◆ **Work order**
These records are to be written out exactly as they read, minus the pictures.

◆ **Dataset entries**
- - - -
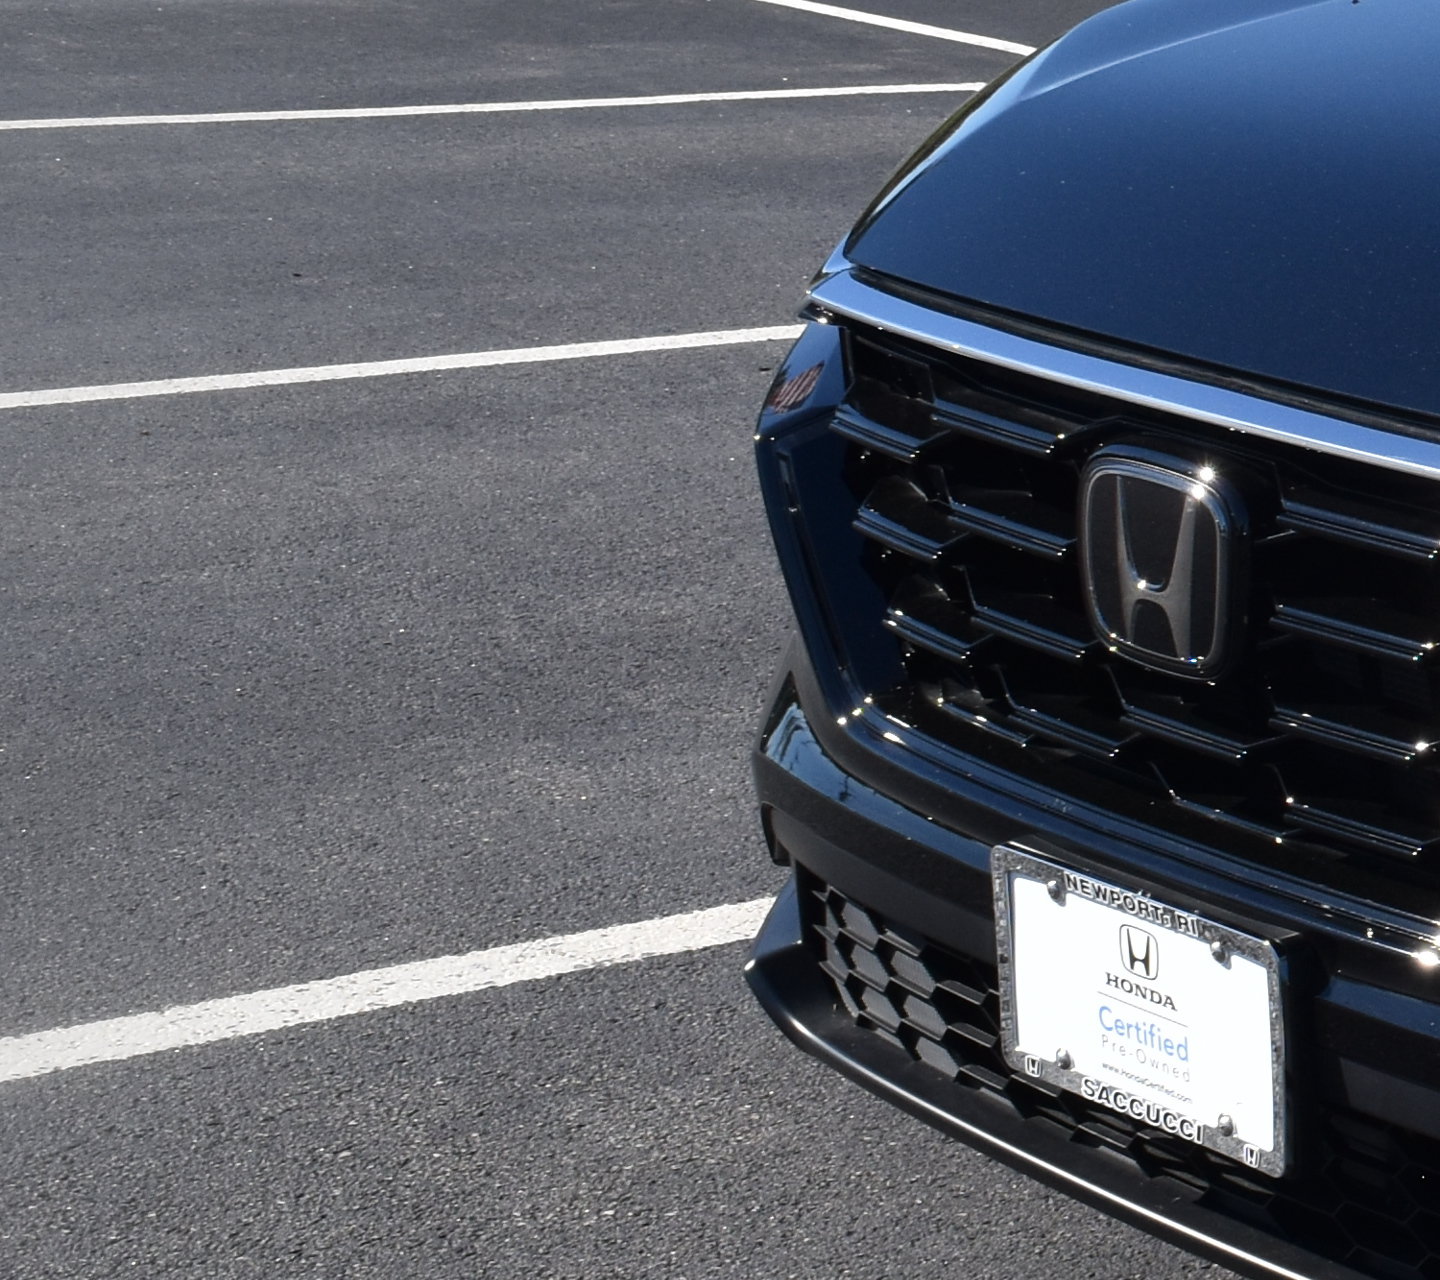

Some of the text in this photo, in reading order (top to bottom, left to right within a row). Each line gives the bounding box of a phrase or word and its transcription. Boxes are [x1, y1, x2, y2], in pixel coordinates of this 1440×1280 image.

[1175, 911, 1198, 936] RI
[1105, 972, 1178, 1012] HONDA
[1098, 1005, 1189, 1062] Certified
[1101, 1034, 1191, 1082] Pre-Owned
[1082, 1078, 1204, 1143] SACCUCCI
- - - -
◆ **Written answer**
Some of the text in this photo, in reading order (top to bottom, left to right within a row). Each line gives the bounding box of a phrase or word and its transcription. Boxes are [x1, y1, x2, y2], in pixel coordinates of this 1440×1280 image.

[1175, 911, 1198, 936] RI
[1105, 972, 1178, 1012] HONDA
[1098, 1005, 1189, 1062] Certified
[1101, 1034, 1191, 1082] Pre-Owned
[1082, 1078, 1204, 1143] SACCUCCI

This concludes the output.